Spatial localization data
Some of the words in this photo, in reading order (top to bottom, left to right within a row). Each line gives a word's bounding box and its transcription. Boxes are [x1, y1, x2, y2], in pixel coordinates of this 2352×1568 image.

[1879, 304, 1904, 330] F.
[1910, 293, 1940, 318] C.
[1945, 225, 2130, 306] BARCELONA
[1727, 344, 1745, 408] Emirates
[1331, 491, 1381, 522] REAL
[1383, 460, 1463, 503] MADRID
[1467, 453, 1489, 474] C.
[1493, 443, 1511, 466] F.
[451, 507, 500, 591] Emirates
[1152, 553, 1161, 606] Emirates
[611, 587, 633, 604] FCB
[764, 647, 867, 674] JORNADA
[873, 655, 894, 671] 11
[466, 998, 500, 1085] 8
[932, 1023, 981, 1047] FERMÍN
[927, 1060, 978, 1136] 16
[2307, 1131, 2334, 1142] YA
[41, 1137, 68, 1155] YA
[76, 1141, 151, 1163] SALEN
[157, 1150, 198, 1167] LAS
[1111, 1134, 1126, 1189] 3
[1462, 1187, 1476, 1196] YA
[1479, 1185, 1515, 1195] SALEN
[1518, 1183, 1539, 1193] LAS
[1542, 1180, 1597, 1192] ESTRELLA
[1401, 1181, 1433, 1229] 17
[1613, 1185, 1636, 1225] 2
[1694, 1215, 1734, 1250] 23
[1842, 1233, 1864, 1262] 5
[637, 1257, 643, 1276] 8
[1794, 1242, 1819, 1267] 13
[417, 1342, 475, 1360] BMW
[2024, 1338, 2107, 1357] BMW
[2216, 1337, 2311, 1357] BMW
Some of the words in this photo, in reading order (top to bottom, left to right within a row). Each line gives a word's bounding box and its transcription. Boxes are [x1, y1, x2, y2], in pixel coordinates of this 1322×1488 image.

■ EXERCISE ■
The records above must each be restated exactly as they stand.

■ SOLUTION FOR THIS TASK ■
Some of the words in this photo, in reading order (top to bottom, left to right within a row). Each line gives a word's bounding box and its transcription. Boxes are [x1, y1, x2, y2], in pixel coordinates of this 2352×1568 image.

[1879, 304, 1904, 330] F.
[1910, 293, 1940, 318] C.
[1945, 225, 2130, 306] BARCELONA
[1727, 344, 1745, 408] Emirates
[1331, 491, 1381, 522] REAL
[1383, 460, 1463, 503] MADRID
[1467, 453, 1489, 474] C.
[1493, 443, 1511, 466] F.
[451, 507, 500, 591] Emirates
[1152, 553, 1161, 606] Emirates
[611, 587, 633, 604] FCB
[764, 647, 867, 674] JORNADA
[873, 655, 894, 671] 11
[466, 998, 500, 1085] 8
[932, 1023, 981, 1047] FERMÍN
[927, 1060, 978, 1136] 16
[2307, 1131, 2334, 1142] YA
[41, 1137, 68, 1155] YA
[76, 1141, 151, 1163] SALEN
[157, 1150, 198, 1167] LAS
[1111, 1134, 1126, 1189] 3
[1462, 1187, 1476, 1196] YA
[1479, 1185, 1515, 1195] SALEN
[1518, 1183, 1539, 1193] LAS
[1542, 1180, 1597, 1192] ESTRELLA
[1401, 1181, 1433, 1229] 17
[1613, 1185, 1636, 1225] 2
[1694, 1215, 1734, 1250] 23
[1842, 1233, 1864, 1262] 5
[637, 1257, 643, 1276] 8
[1794, 1242, 1819, 1267] 13
[417, 1342, 475, 1360] BMW
[2024, 1338, 2107, 1357] BMW
[2216, 1337, 2311, 1357] BMW
Some of the words in this photo, in reading order (top to bottom, left to right within a row). Each line gives a word's bounding box and its transcription. Boxes are [x1, y1, x2, y2], in pixel coordinates of this 1322×1488 image.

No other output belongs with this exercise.